Chapitre 45/5779%~9 min de lecture1 681 mots

Chang Le soupira. « Ne vous affligez pas trop. Il y en a bien d'autres. »

Song Yaoshi hocha la tête. « Effectivement, les hommes sont tous pareils. »

Les deux femmes échangèrent un regard, saisies par une complicité immédiate.

« Au fait, Votre Altesse, savez-vous qui est la personne la plus célèbre de la Capitale ? » demanda Song Yaoshi.

« Célèbre ? En quoi donc ? » Chang Le était perplexe.

« Celle ou celui qui fait savoir en ville, dès le lendemain, tout ce qui vient d'être dit aujourd'hui. » répondit Song Yaoshi.

« Un conteur ? Il y en a un au Jardin de la Poire Lunaire qui excelle particulièrement. »

« Y en a-t-il d'autres ? Song Yaoshi réfléchit : elle ne pouvait décidément pas faire écrire un livre entier pour un conteur. »

Chang Le réfléchit un instant, puis ses yeux s'illuminèrent. « En effet. »

« Qui ? »

« La jeune Xiangsi du Pavillon des Abricots Rouges. » Chang Le fit un clin d'œil à Song Yaoshi. « Vous devez la connaître. Votre poème ne faisait-il pas allusion à une branche d'abricot rouge ? À cause de ces vers, le Pavillon des Abricots Rouges n'a cessé de gagner en popularité dans la Capitale. »
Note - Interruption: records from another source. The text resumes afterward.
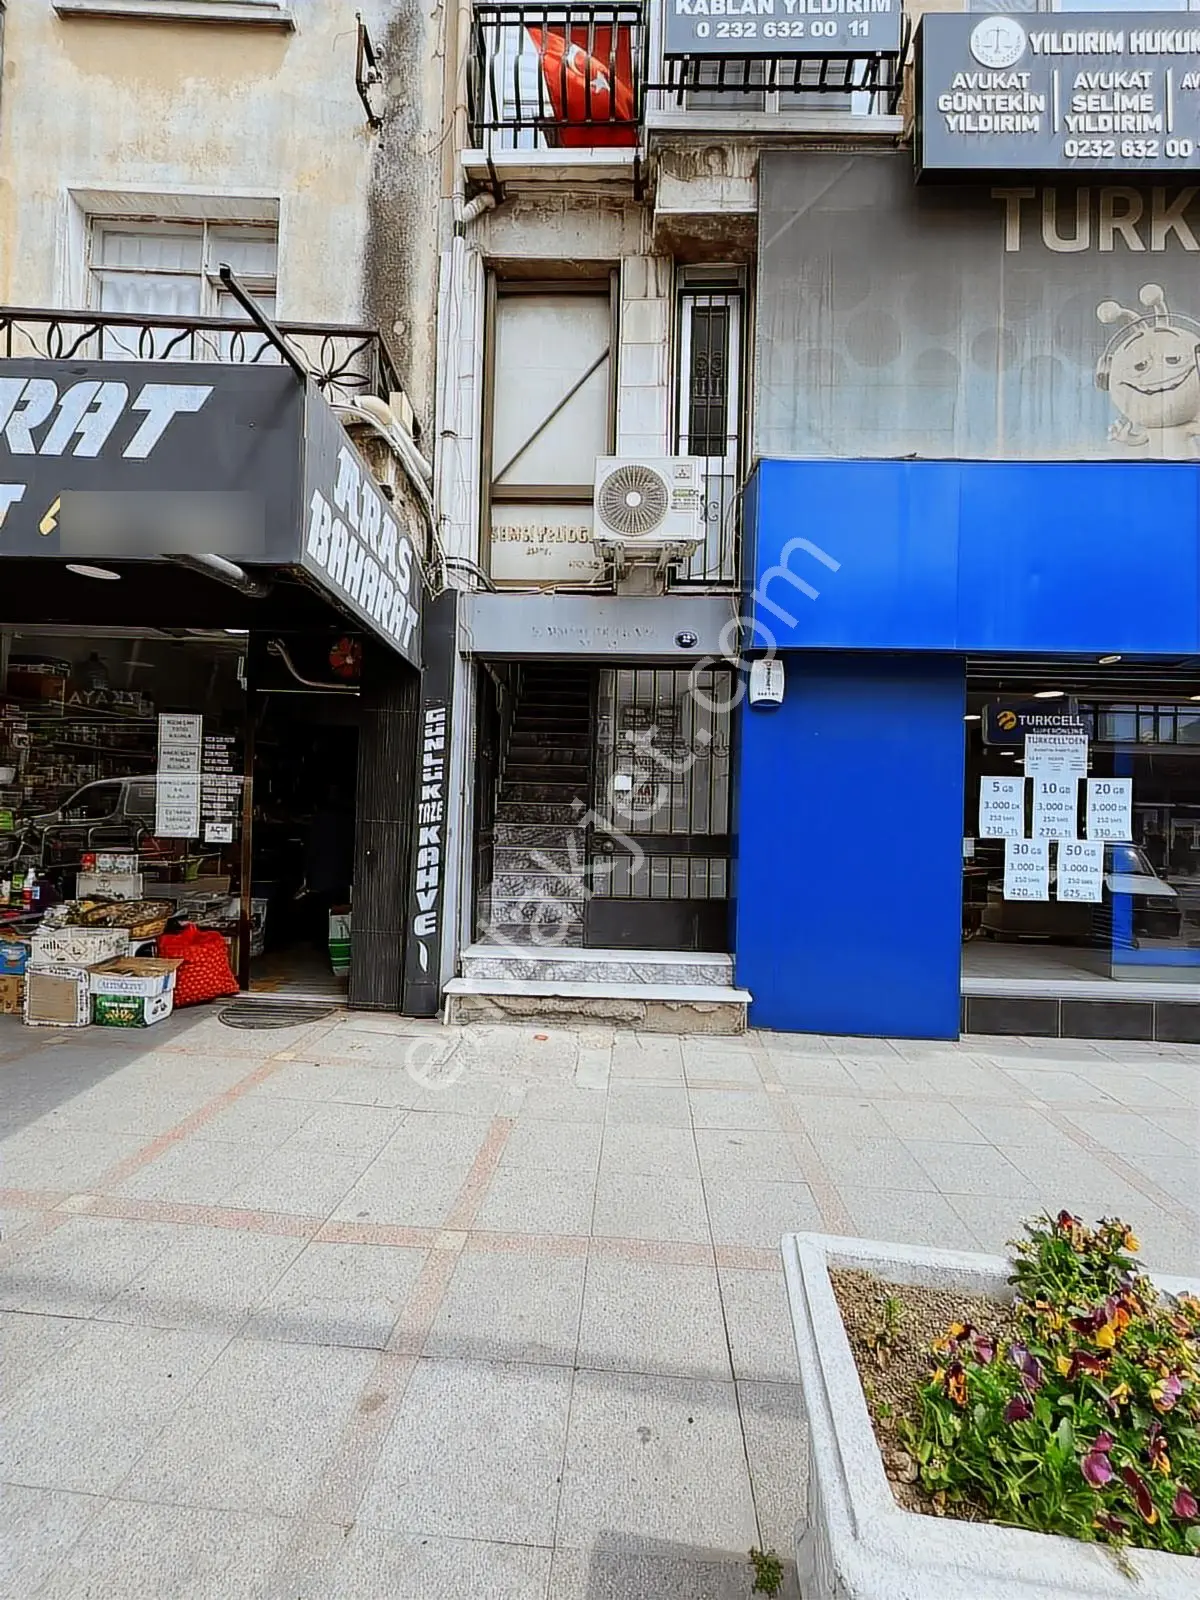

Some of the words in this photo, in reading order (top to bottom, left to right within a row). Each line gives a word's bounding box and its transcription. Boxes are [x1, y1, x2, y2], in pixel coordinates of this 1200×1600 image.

[783, 0, 891, 14] YILDIRIM
[697, 21, 710, 37] 0
[716, 21, 757, 38] 232
[763, 21, 804, 38] 632
[811, 20, 837, 37] 00
[848, 19, 870, 36] 11
[1029, 31, 1124, 55] YILDIRIM
[952, 72, 1031, 89] AVUKAT
[1073, 71, 1153, 90] AVUKAT
[938, 92, 1046, 113] GÜNTEKİN
[1072, 91, 1154, 113] SELİME
[944, 114, 1041, 133] YILDIRIM
[1064, 114, 1163, 134] YILDIRIM
[1064, 139, 1117, 158] 0232
[1121, 139, 1160, 158] 632
[1165, 138, 1194, 158] 00
[991, 182, 1200, 253] TURK
[333, 445, 413, 595] ARAS
[307, 488, 419, 649] BAHARAT
[1018, 715, 1084, 726] TURKCELL
[421, 707, 446, 801] GÜNLÜK
[992, 781, 1000, 793] 5
[1041, 783, 1057, 794] 10
[1095, 783, 1111, 795] 20
[417, 800, 443, 824] TAZE
[1012, 844, 1029, 855] 30
[1065, 845, 1082, 856] 50
[413, 825, 440, 937] KAHVE
Song Yaoshi fut surprise, puis se rappela son propre poème.

Elle n'y avait attaché aucun sens véritable, mais il semblait que tout le monde y vît un message profond.

Song Yaoshi ne put qu'en rire nerveusement.

« Vous connaissez le nombre de prétendants que compte Xiangsi dans la Capitale, poursuivit Chang Le. Si elle prononce un mot aujourd'hui, toute la ville ne l'apprendra peut-être pas, mais au moins tous les cercles puissants et influents sauront exactement ce qu'elle a dit. »

Song Yaoshi prit une grande respiration. « Votre Altesse, allons au Pavillon des Abricots Rouges ! »

Incroyable, n'était-ce pas là simplement l'effet star ?

Et tous ces admirateurs appartenaient aux cercles des puissants.

Comparé au Jardin de la Poire Lunaire, où l'on joue de la musique et chante l'opéra, Chang Le préférait naturellement le Pavillon des Abricots Rouges. Après tout, cet endroit était infiniment plus divertissant.

Chang Le hocha immédiatement la tête. « D'accord, modifions notre itinéraire et filons au Pavillon des Abricots Rouges ! »

Bien que le Pavillon des Abricots Rouges ouvrît ses portes en journée, il ne grouillait pas encore de monde.

Chang Le était clairement une habituée des lieux. À peine installée dans la salle qu'un jeune maître familier s'approcha d'elle.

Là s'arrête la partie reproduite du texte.